++++ Recorded information ++++
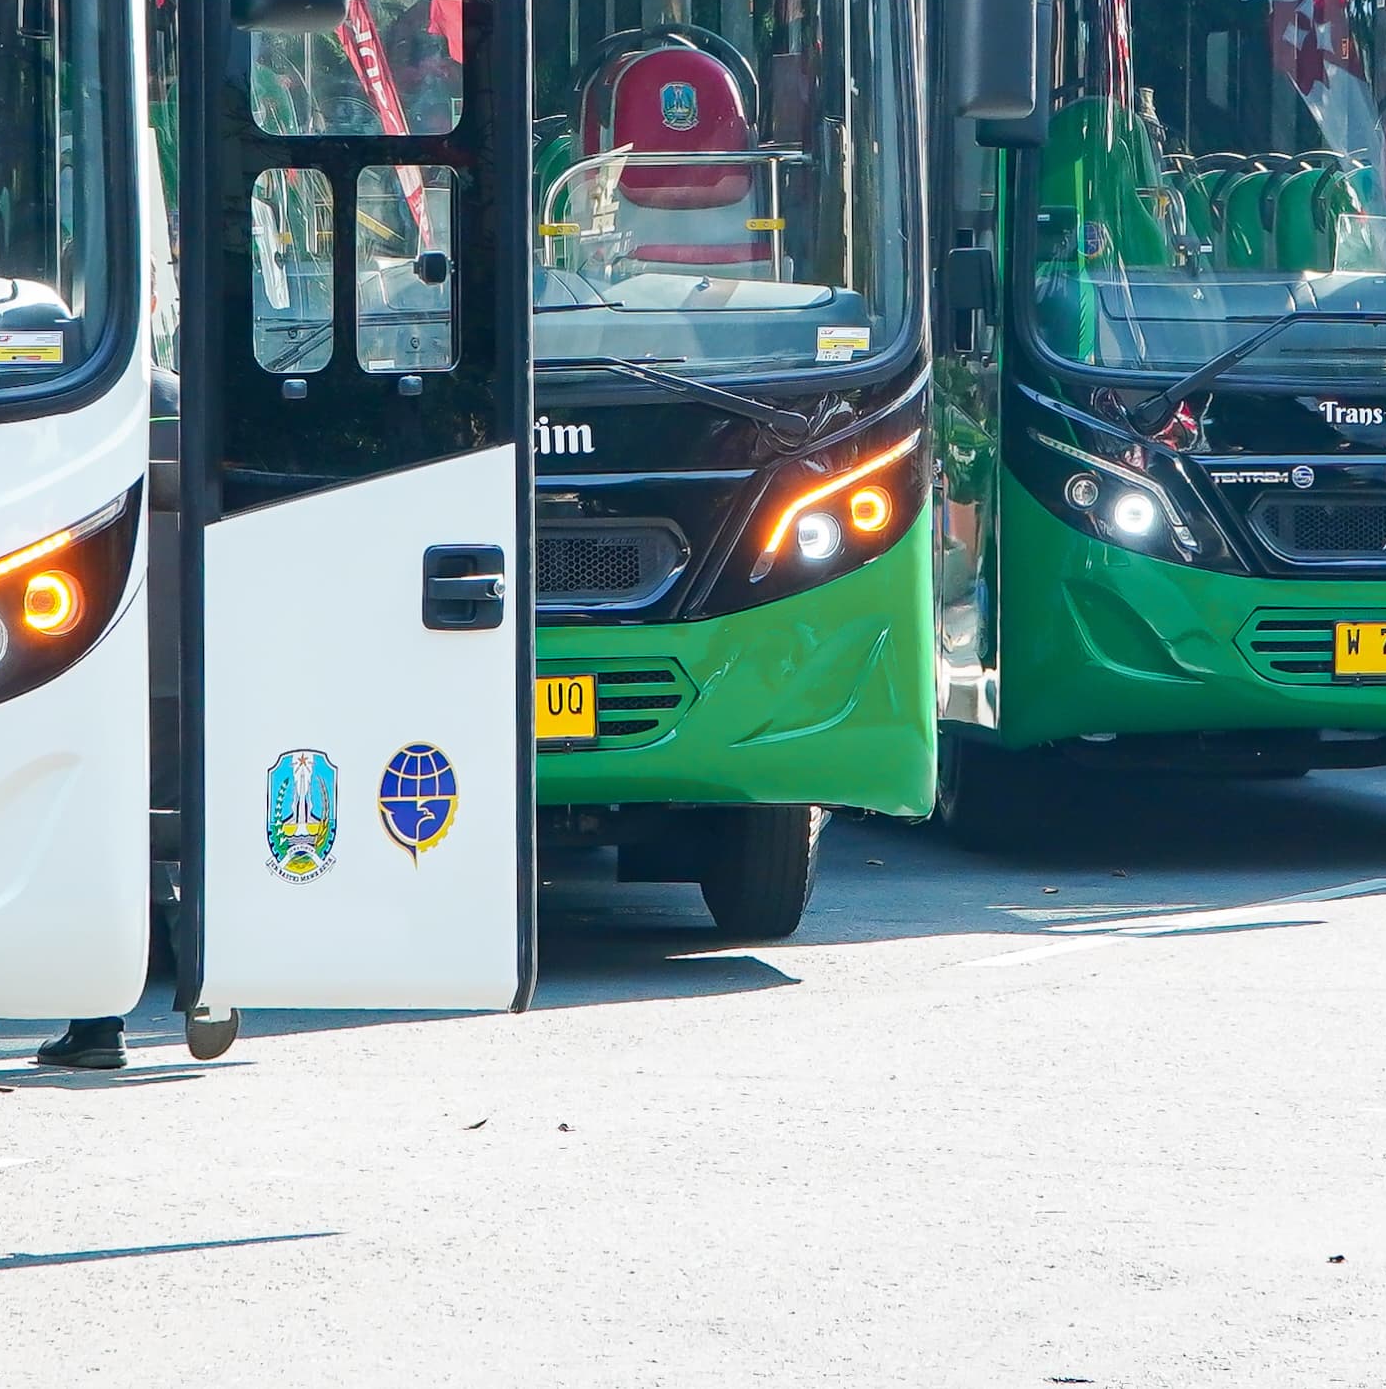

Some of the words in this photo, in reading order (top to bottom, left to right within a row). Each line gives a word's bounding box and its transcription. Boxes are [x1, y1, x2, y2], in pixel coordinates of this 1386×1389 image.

[1319, 401, 1383, 426] Trans
[1347, 628, 1361, 655] W
[547, 682, 584, 716] UQ
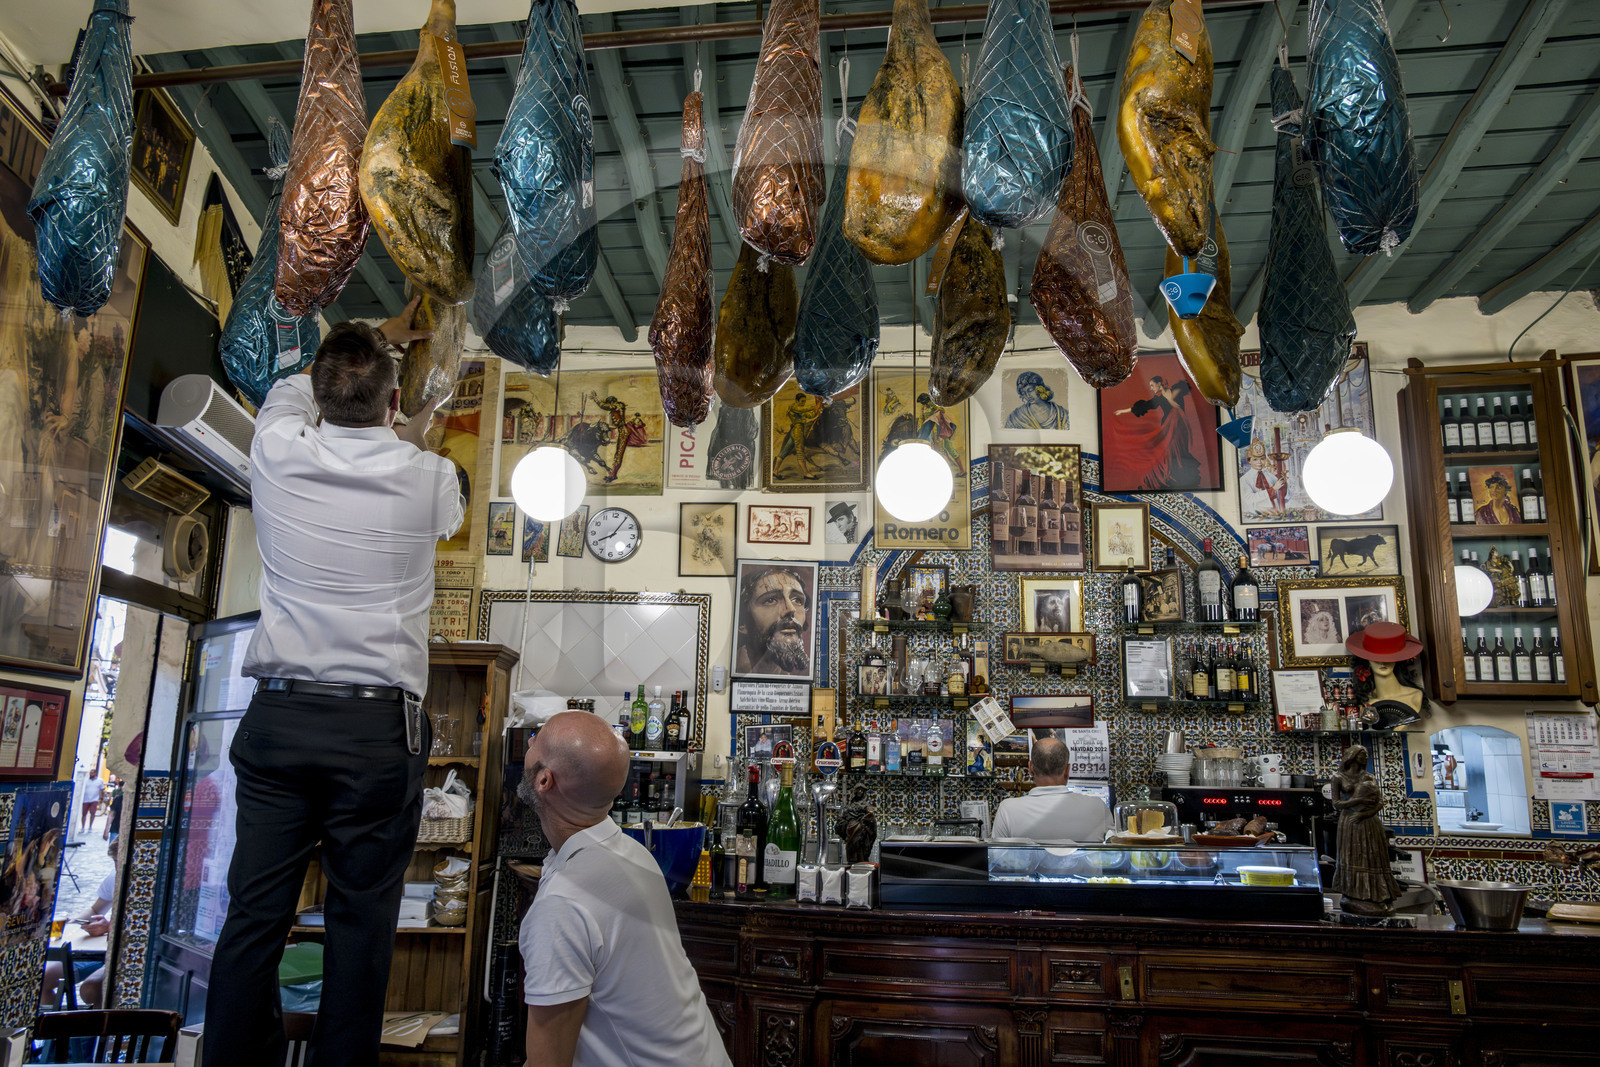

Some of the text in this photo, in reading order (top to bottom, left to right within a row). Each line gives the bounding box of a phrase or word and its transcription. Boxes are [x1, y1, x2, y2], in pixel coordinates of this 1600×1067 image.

[884, 523, 959, 540] Romero
[440, 629, 466, 638] PONCE
[1072, 763, 1106, 771] 89314
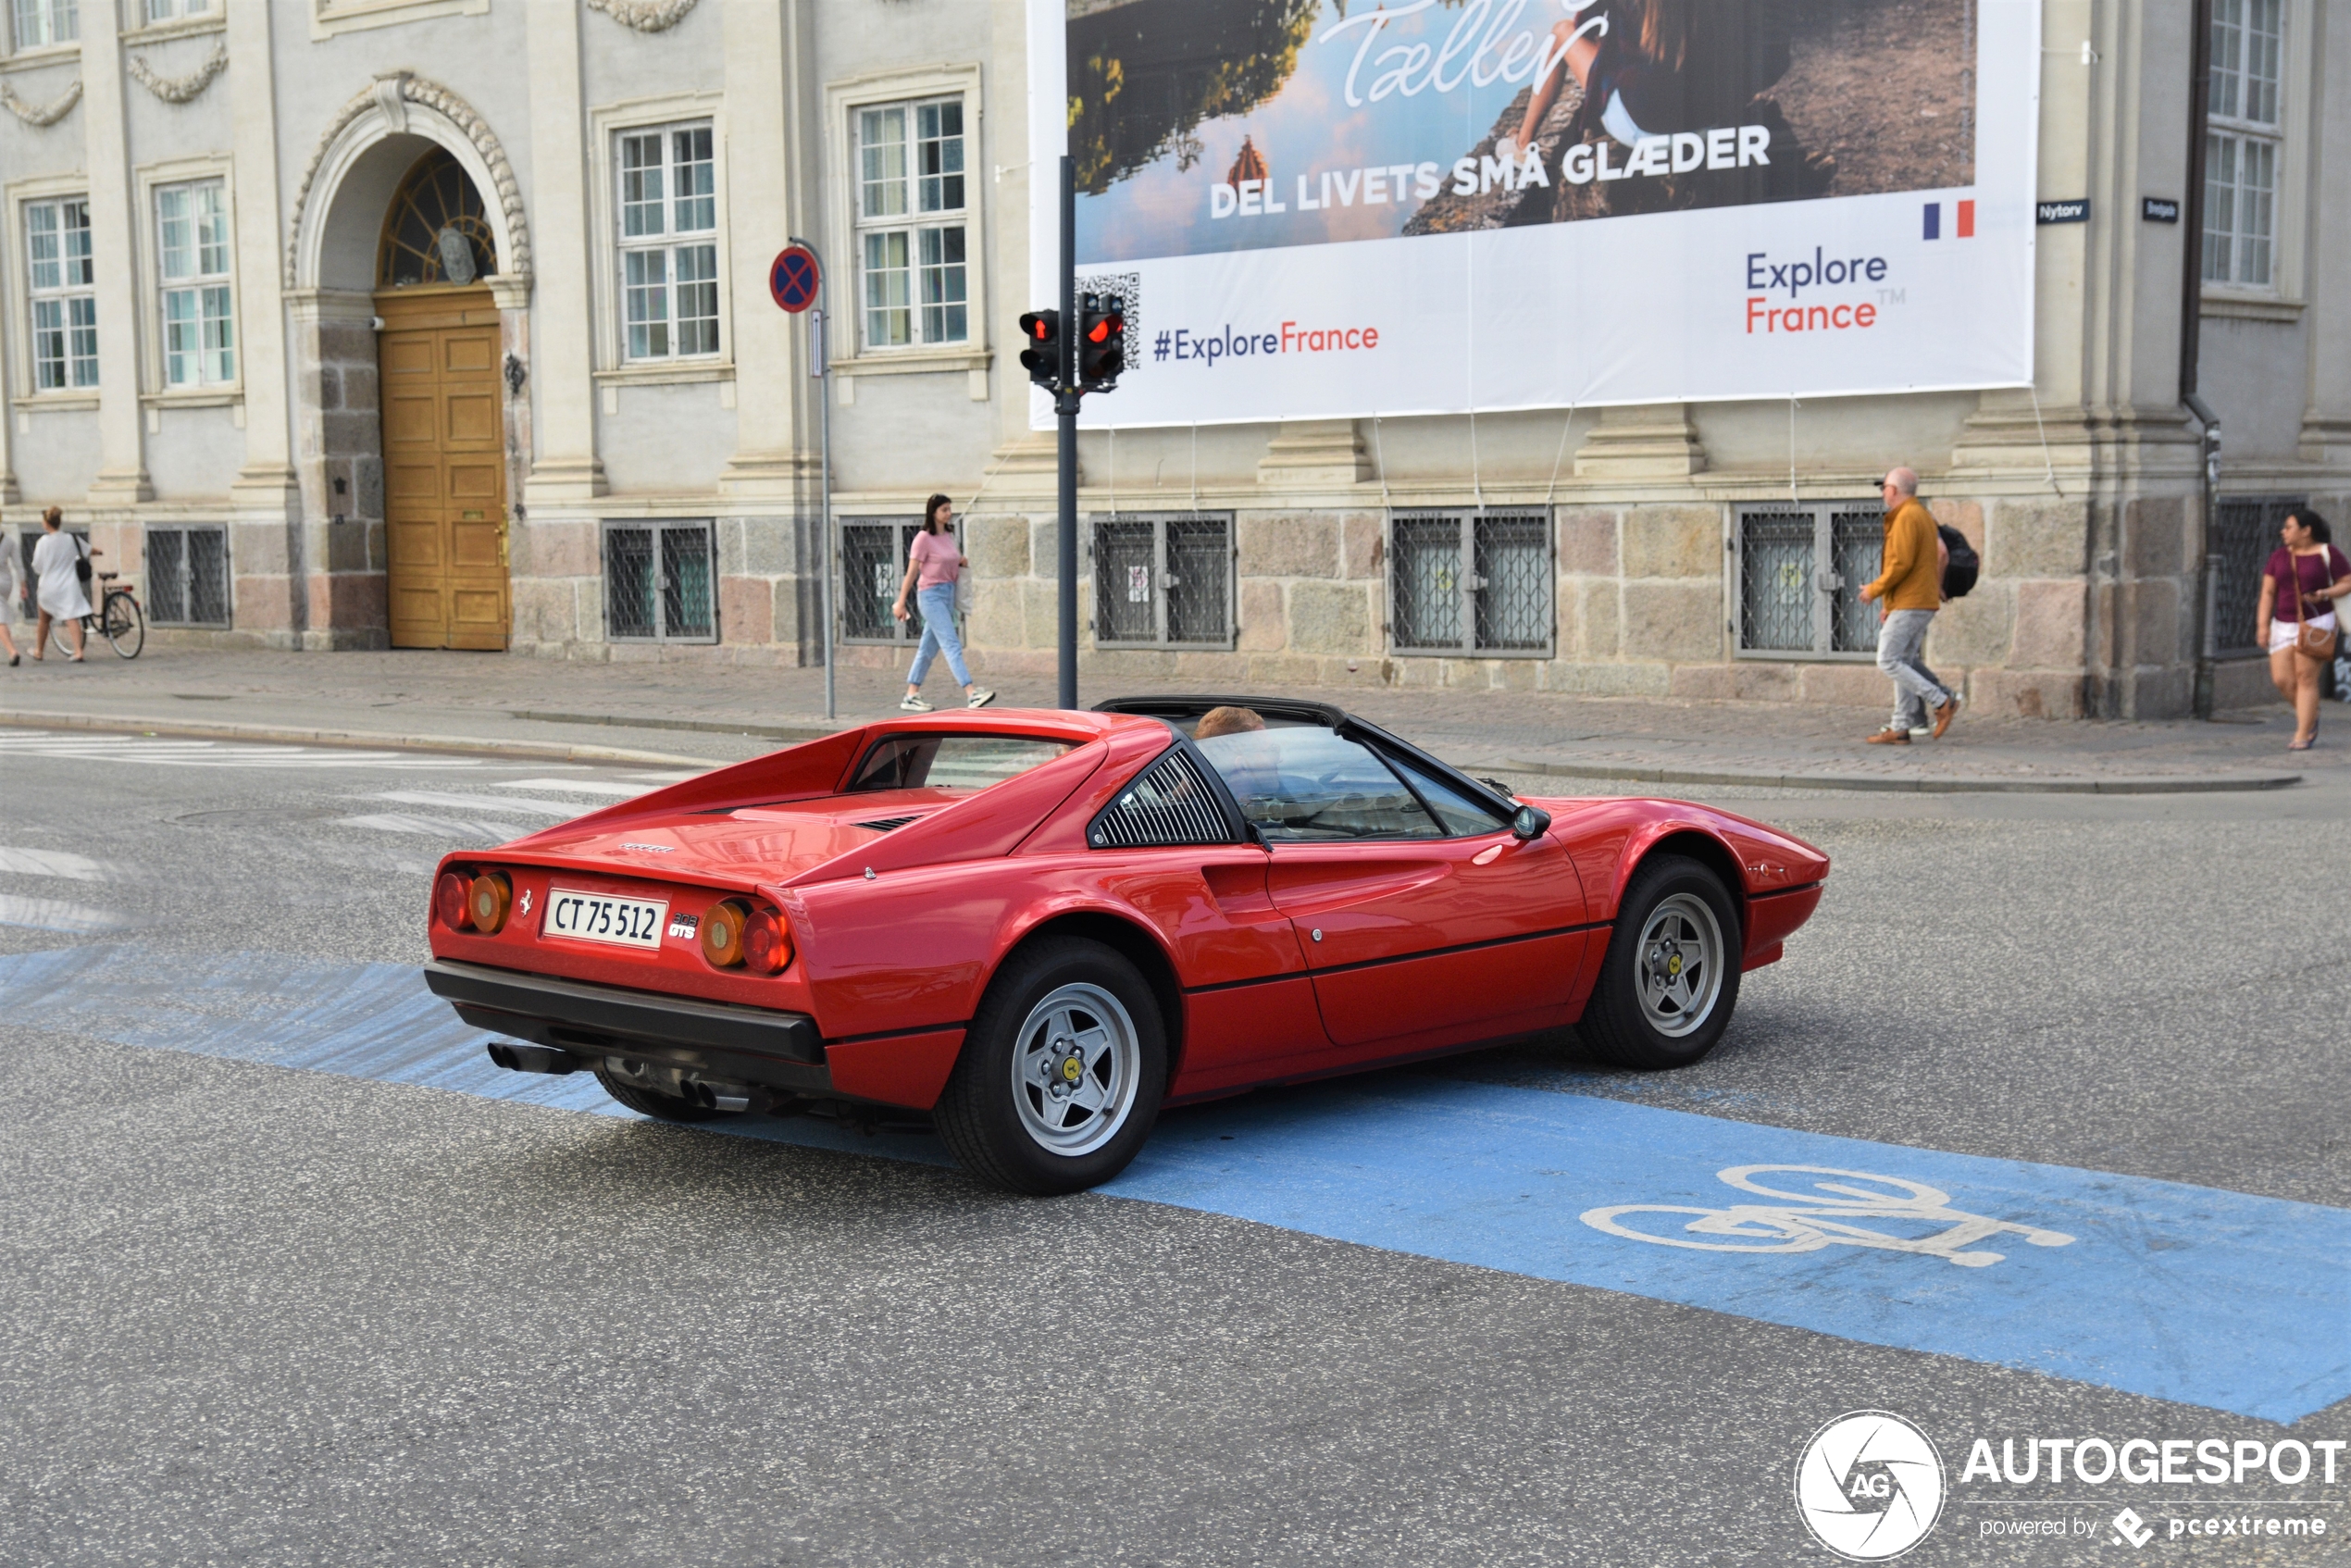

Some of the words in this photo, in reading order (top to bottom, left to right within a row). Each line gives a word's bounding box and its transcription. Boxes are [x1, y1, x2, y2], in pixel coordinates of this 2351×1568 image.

[1211, 180, 1286, 219] DEL
[1297, 161, 1440, 212] LIVETS
[1451, 142, 1549, 197] SMÅ
[1562, 125, 1771, 185] GLÆDER
[2039, 204, 2083, 220] Nytorv
[1747, 246, 1887, 298] Explore
[1747, 297, 1877, 333] France
[1153, 321, 1379, 367] #ExploreFrance
[555, 898, 584, 930] CT
[587, 901, 613, 934] 75
[616, 904, 656, 940] 512
[668, 923, 696, 940] GTS
[673, 913, 699, 927] 308
++++
> _How to complete this task_: Please return every record above exactly, but leave out the pictures.

> _Answer section_:
Some of the words in this photo, in reading order (top to bottom, left to right within a row). Each line gives a word's bounding box and its transcription. Boxes are [x1, y1, x2, y2], in pixel coordinates of this 1386×1389 image.

[1319, 401, 1383, 426] Trans
[1347, 628, 1361, 655] W
[547, 682, 584, 716] UQ

Some of the text in this photo, in reading order (top to bottom, left to right within a row). Each line gives the bounding box of a phrase or word and its transcription. Boxes are [x1, y1, x2, y2], in pixel coordinates of this 1600×1067 image.

[884, 523, 959, 540] Romero
[440, 629, 466, 638] PONCE
[1072, 763, 1106, 771] 89314

Some of the words in this photo, in reading order (top to bottom, left to right within a row). Each line gives a word's bounding box and its transcription. Boxes are [x1, y1, x2, y2], in pixel coordinates of this 2351×1568 image.

[1211, 180, 1286, 219] DEL
[1297, 161, 1440, 212] LIVETS
[1451, 142, 1549, 197] SMÅ
[1562, 125, 1771, 185] GLÆDER
[2039, 204, 2083, 220] Nytorv
[1747, 246, 1887, 298] Explore
[1747, 297, 1877, 333] France
[1153, 321, 1379, 367] #ExploreFrance
[555, 898, 584, 930] CT
[587, 901, 613, 934] 75
[616, 904, 656, 940] 512
[668, 923, 696, 940] GTS
[673, 913, 699, 927] 308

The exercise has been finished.